By "The size of the input gives a variety of different analysis results", do you mean differences in performance (e.g., time to completion) and resources (e.g., memory or output file size) or the results of the analyses themselves (e.g., statistic and p-values)?

liamgd commented 1 year ago

By that, I mean the ratio between the times spent per operation change a lot depending on the sample count and loci counts. For example, smaller inputs spend more time setting up the CUDA device and kernels whereas a large input with strict p-value filtration results in more relative time spent creating the filtration indices and mask.

liamgd commented 1 year ago

Tests of regression_full.py with dummy data of 300 samples, 10,000 methylation loci, and 10,000 gene expression loci, no chunking, and p-thresh of 0.4 (filters all results so none are saved). About 1/202.195 of the GTP dataset.

CPU (i7-7700k with 4 threads) - 120.8198 s GPU (RTX 2070 Super) - 23.699 s

For small inputs, the CPU tends to perform better than the GPU, but at a certain point, the GPU become highly superior. I suspect that the after a breakeven point, the GPU becomes faster and faster relative to the CPU as the input size increases.

This test was for the computation only, and not the saving, as the p-threshold of 0.4 is higher than any mt p-value. It seems like the maximum mt p-value is around 3.9.

kordk commented 1 year ago

Thanks for the clarification. Once we've stabilized the code for the mlr and evaluated the reproducibility of the Kennedy 2018 analysis we'll evaluate the performance. This work will include an evaluation of the scaling performance (i.e., how fast the analyses completes with different numbers of samples and loci).

Is the new mlr code now the default?

liamgd commented 1 year ago

It is not yet the default as it does not have region mapping. After that is complete, it will replace tecpg run mlr.

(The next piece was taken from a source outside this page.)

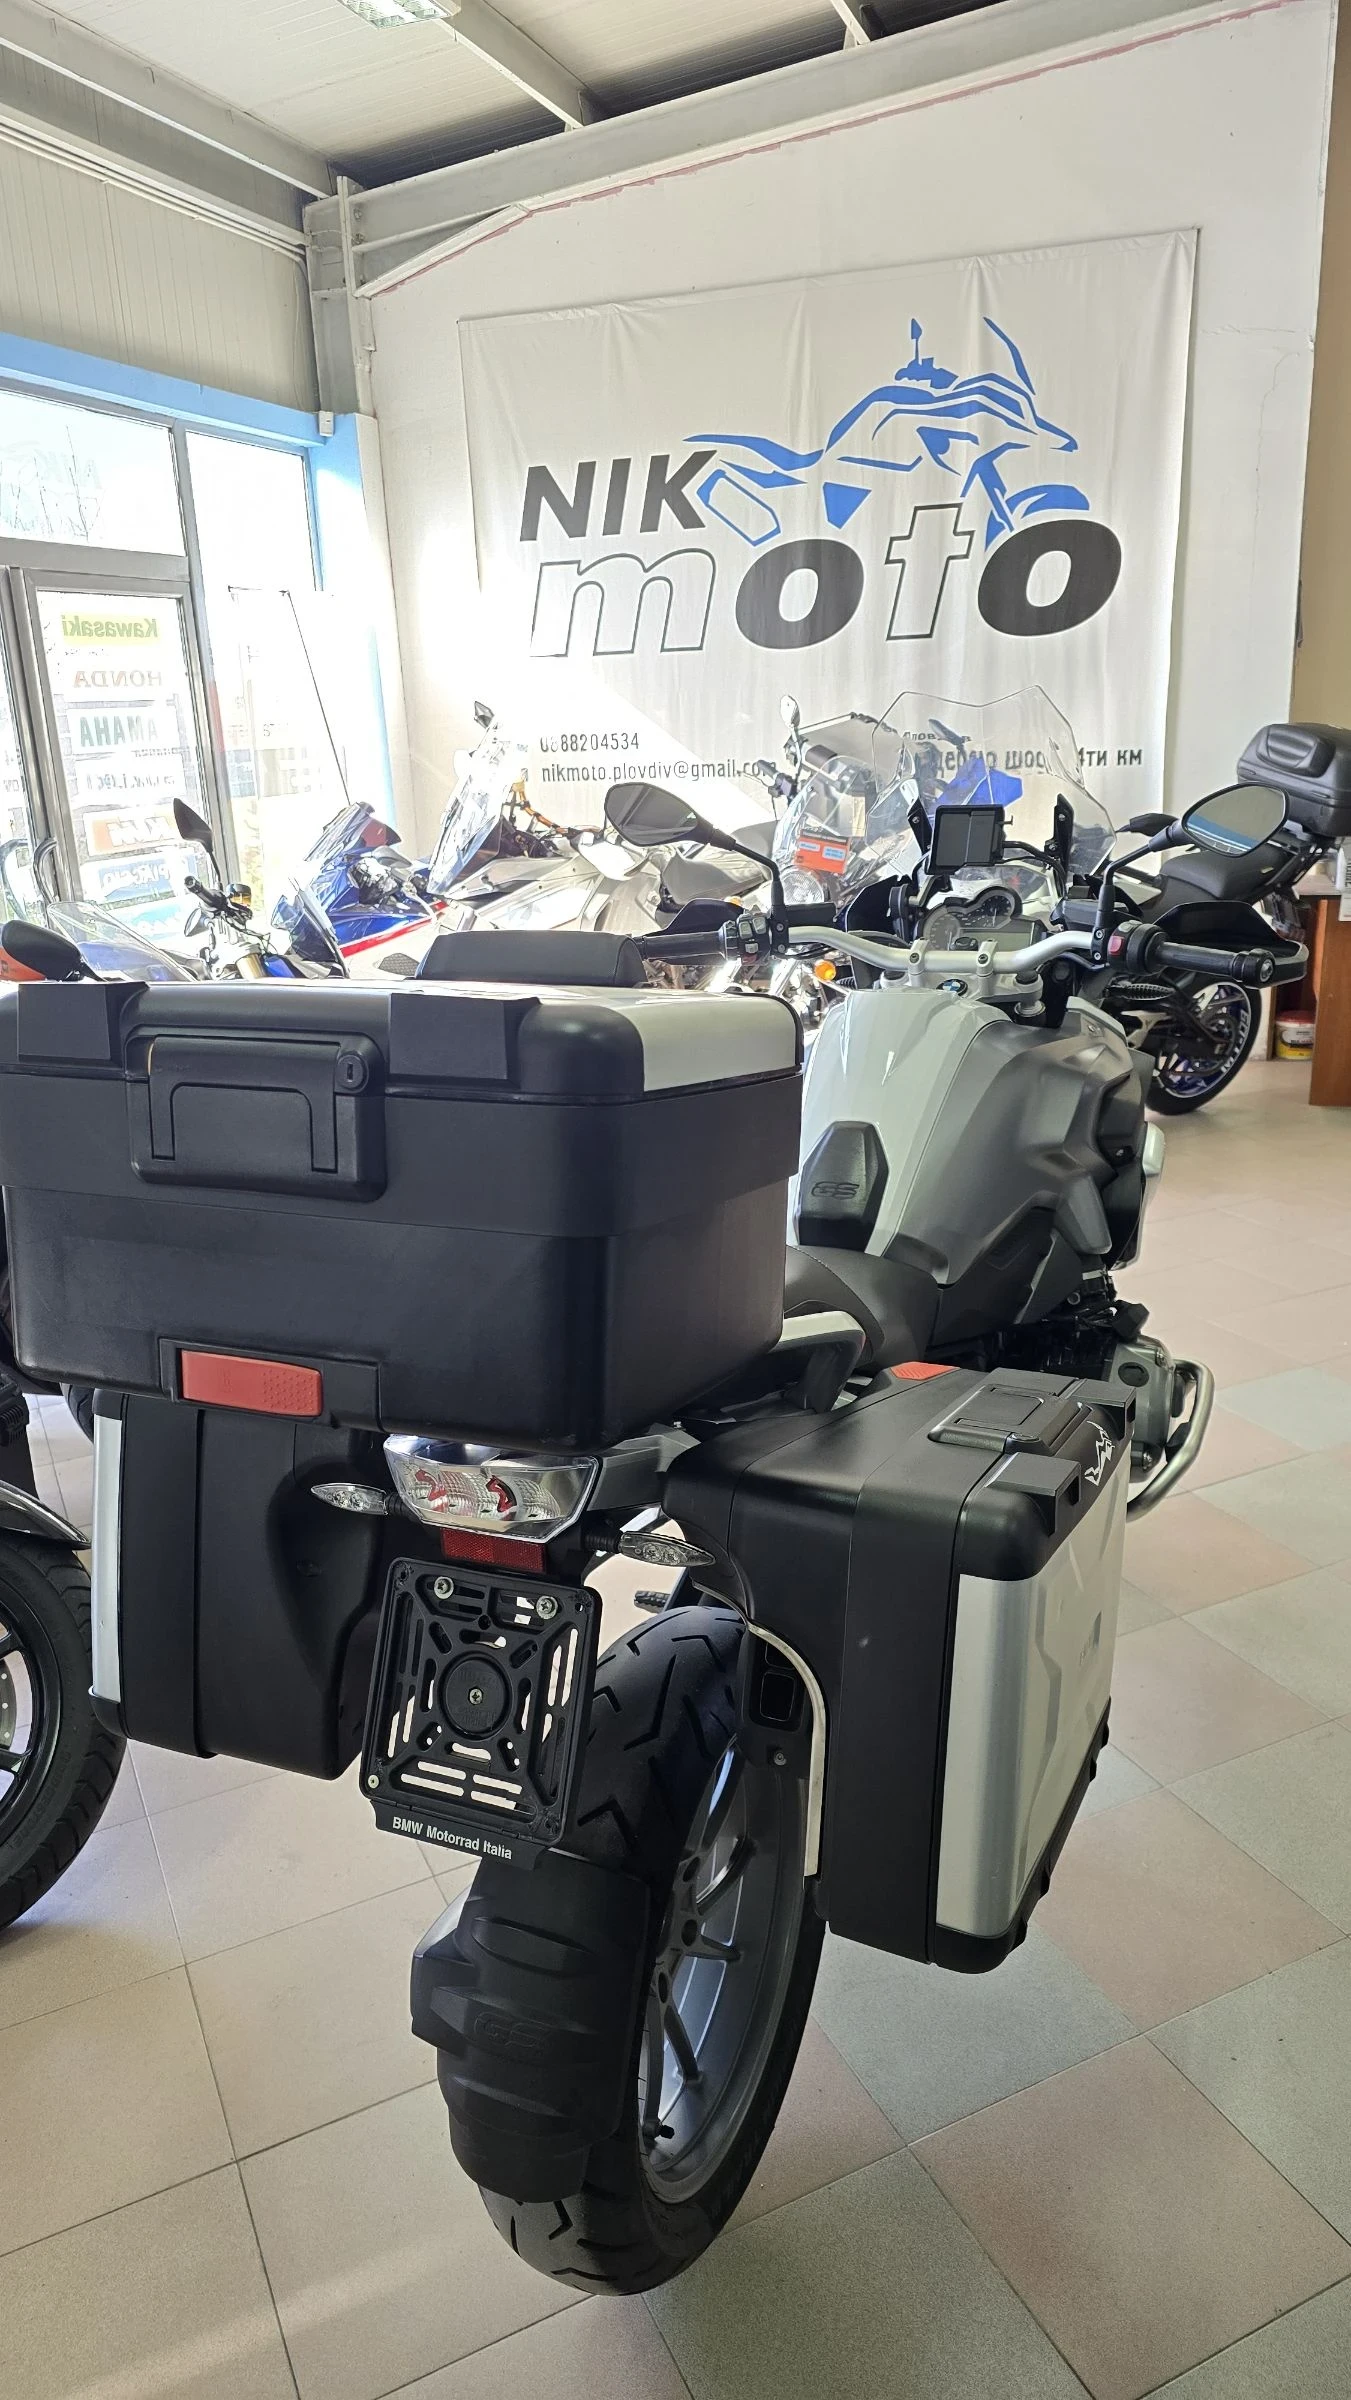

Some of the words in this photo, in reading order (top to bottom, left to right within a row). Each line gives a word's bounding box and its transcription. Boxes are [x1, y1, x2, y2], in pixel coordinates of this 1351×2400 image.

liamgd commented 1 year ago

Now that output inclusion is controlled in regression_full (from the last few commits), it should have all of the major functionality of regresion_single, and it can replace the tecpg run mlr command. Here are the minor changes as a result of this:

The tecpg run mlr-full is now tecpg run mlr
The tecpg run mlr command is now tecpg run mlr-single
Instead of using --no-est, --no-err, --no-t, and --no-p for controlling the type of regression results to be included in the output of tecpg run mlr, use --p-only or -P to only include p-values in the output. Otherwise, all regression result types will be included.
Instead of using --regressions-per-chunk or -r to control the number of regressions per chunk, use -l or --loci-per-chunk to control the number of methylation loci included per chunk. For each methylation locus, all gene expression loci will be compared. For $l$ loci per chunk with $g$ total gene expression loci, $l \times g$ regressions will run. This is because regression_full operates on each methylation locus with all of the gene expression loci in parallel.

liamgd commented 1 year ago

Regression_full is now the default as of 986619e.

kordk commented 1 year ago

Excellent!

kordk commented 1 year ago

Given that users will have different GPU (and CPU) environments, and that chunking will essential for the user to run the analyses, can we provide guidelines for selecting the chunking size based on any one or combination of characteristics (e.g., number of samples, number of methylation loci, number of gx loci)? We don't need to be precise, rather just a general suggestion as a place for them to start and adapt to their own dataset.

liamgd commented 1 year ago

Yes. The most important purpose of chunking is to avoid running out of memory. On CUDA GPUs, torch raises RuntimeError: CUDA out of memory if each chunk is too large.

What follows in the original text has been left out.